§ Work request
Copy the complete listing word for word, but do not carry over any images.

╔══

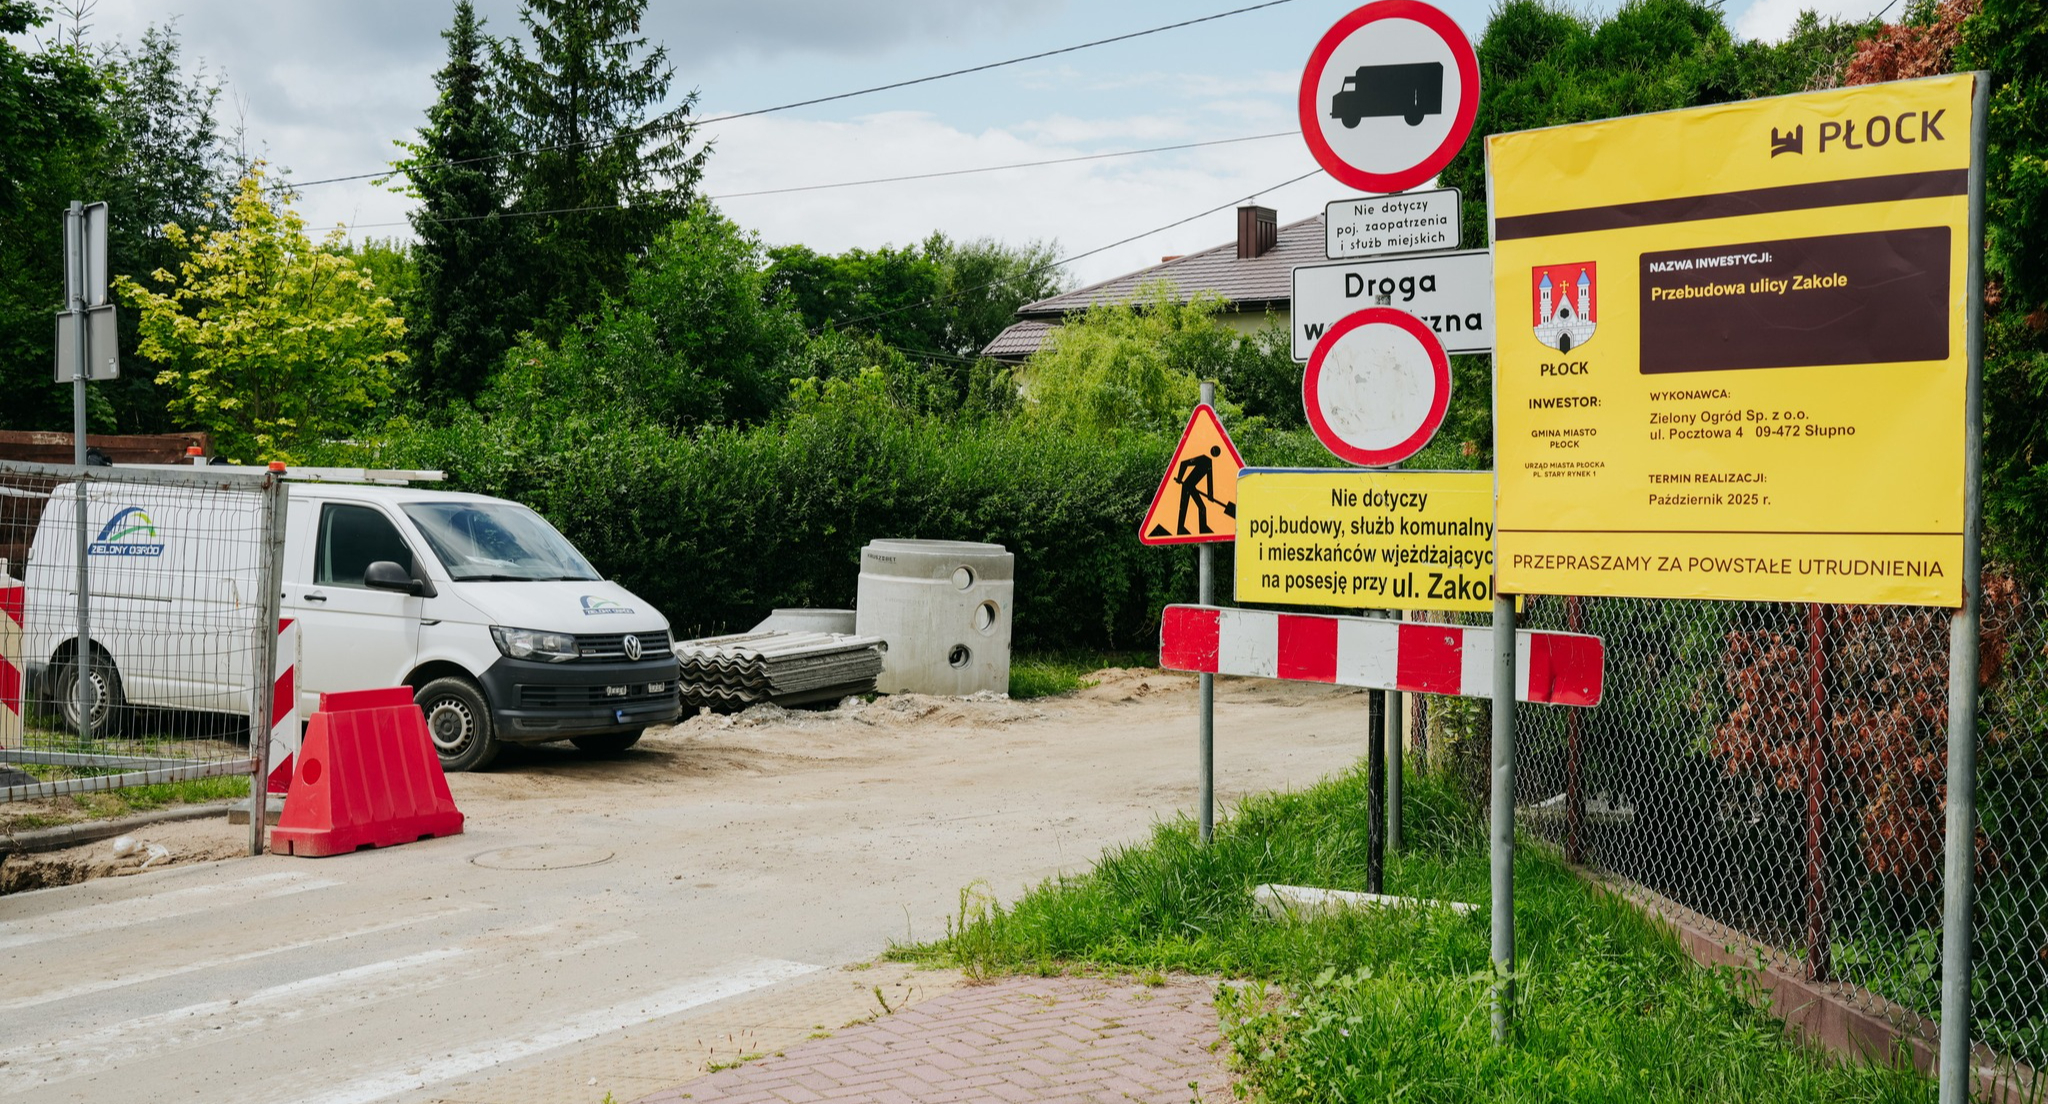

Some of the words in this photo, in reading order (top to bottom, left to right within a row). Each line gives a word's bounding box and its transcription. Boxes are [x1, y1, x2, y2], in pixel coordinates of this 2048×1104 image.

[1818, 108, 1946, 153] PŁOCK
[1354, 204, 1375, 216] Nie
[1381, 200, 1428, 213] dotyczy
[1336, 224, 1360, 238] poj.
[1365, 214, 1448, 233] zaopatrzenia
[1340, 240, 1344, 251] i
[1350, 237, 1382, 250] służb
[1387, 231, 1446, 247] miejskich
[1650, 258, 1693, 273] NAZWA
[1695, 252, 1773, 269] INWESTYCJI:
[1345, 273, 1436, 302] Droga
[1651, 282, 1746, 301] Przebudowa
[1750, 278, 1788, 295] ulicy
[1792, 272, 1848, 290] Zakole
[1540, 361, 1589, 377] PŁOCK
[1528, 396, 1602, 409] INWESTOR:
[1650, 389, 1731, 401] WYKONAWCA:
[1650, 412, 1697, 426] Zielony
[1700, 410, 1742, 425] Ogród
[1746, 409, 1768, 423] Sp.
[1772, 412, 1780, 420] z
[1783, 410, 1809, 420] o.o.
[1531, 429, 1561, 438] GMINA
[1563, 428, 1597, 437] MIASTO
[1650, 429, 1665, 440] ul.
[1669, 427, 1731, 440] Pocztowa
[1735, 426, 1744, 438] 4
[1755, 425, 1801, 438] 09-472
[1804, 424, 1856, 438] Słupno
[1550, 440, 1580, 449] PŁOCK
[1525, 463, 1548, 471] URZĄD
[1576, 461, 1605, 469] PŁOCKA
[1648, 474, 1691, 483] TERMIN
[1694, 473, 1767, 483] REALIZACJI:
[1331, 488, 1357, 507] Nie
[1363, 488, 1428, 512] dotyczy
[1649, 493, 1723, 505] Październik
[1727, 493, 1759, 505] 2025
[1763, 495, 1771, 505] r.
[1250, 515, 1345, 538] poj.budowy,
[1350, 515, 1394, 535] służb
[1400, 517, 1493, 541] komunalny
[91, 545, 128, 554] ZIELONY
[1259, 543, 1263, 561] i
[1268, 543, 1377, 563] mieszkańców
[1382, 543, 1493, 570] wjeżdżającyc
[1513, 553, 1652, 571] PRZEPRASZAMY
[1658, 556, 1683, 573] ZA
[1688, 557, 1792, 575] POWSTAŁE
[1798, 559, 1944, 578] UTRUDNIENIA
[1262, 573, 1280, 588] na
[1285, 571, 1347, 593] posesję
[1352, 573, 1388, 594] przy
[1392, 572, 1420, 598] ul.
[1427, 573, 1493, 601] Zakol

╚══

§ Your response
Some of the words in this photo, in reading order (top to bottom, left to right within a row). Each line gives a word's bounding box and its transcription. Boxes are [x1, y1, x2, y2], in pixel coordinates of this 2048×1104 image.

[1818, 108, 1946, 153] PŁOCK
[1354, 204, 1375, 216] Nie
[1381, 200, 1428, 213] dotyczy
[1336, 224, 1360, 238] poj.
[1365, 214, 1448, 233] zaopatrzenia
[1340, 240, 1344, 251] i
[1350, 237, 1382, 250] służb
[1387, 231, 1446, 247] miejskich
[1650, 258, 1693, 273] NAZWA
[1695, 252, 1773, 269] INWESTYCJI:
[1345, 273, 1436, 302] Droga
[1651, 282, 1746, 301] Przebudowa
[1750, 278, 1788, 295] ulicy
[1792, 272, 1848, 290] Zakole
[1540, 361, 1589, 377] PŁOCK
[1528, 396, 1602, 409] INWESTOR:
[1650, 389, 1731, 401] WYKONAWCA:
[1650, 412, 1697, 426] Zielony
[1700, 410, 1742, 425] Ogród
[1746, 409, 1768, 423] Sp.
[1772, 412, 1780, 420] z
[1783, 410, 1809, 420] o.o.
[1531, 429, 1561, 438] GMINA
[1563, 428, 1597, 437] MIASTO
[1650, 429, 1665, 440] ul.
[1669, 427, 1731, 440] Pocztowa
[1735, 426, 1744, 438] 4
[1755, 425, 1801, 438] 09-472
[1804, 424, 1856, 438] Słupno
[1550, 440, 1580, 449] PŁOCK
[1525, 463, 1548, 471] URZĄD
[1576, 461, 1605, 469] PŁOCKA
[1648, 474, 1691, 483] TERMIN
[1694, 473, 1767, 483] REALIZACJI:
[1331, 488, 1357, 507] Nie
[1363, 488, 1428, 512] dotyczy
[1649, 493, 1723, 505] Październik
[1727, 493, 1759, 505] 2025
[1763, 495, 1771, 505] r.
[1250, 515, 1345, 538] poj.budowy,
[1350, 515, 1394, 535] służb
[1400, 517, 1493, 541] komunalny
[91, 545, 128, 554] ZIELONY
[1259, 543, 1263, 561] i
[1268, 543, 1377, 563] mieszkańców
[1382, 543, 1493, 570] wjeżdżającyc
[1513, 553, 1652, 571] PRZEPRASZAMY
[1658, 556, 1683, 573] ZA
[1688, 557, 1792, 575] POWSTAŁE
[1798, 559, 1944, 578] UTRUDNIENIA
[1262, 573, 1280, 588] na
[1285, 571, 1347, 593] posesję
[1352, 573, 1388, 594] przy
[1392, 572, 1420, 598] ul.
[1427, 573, 1493, 601] Zakol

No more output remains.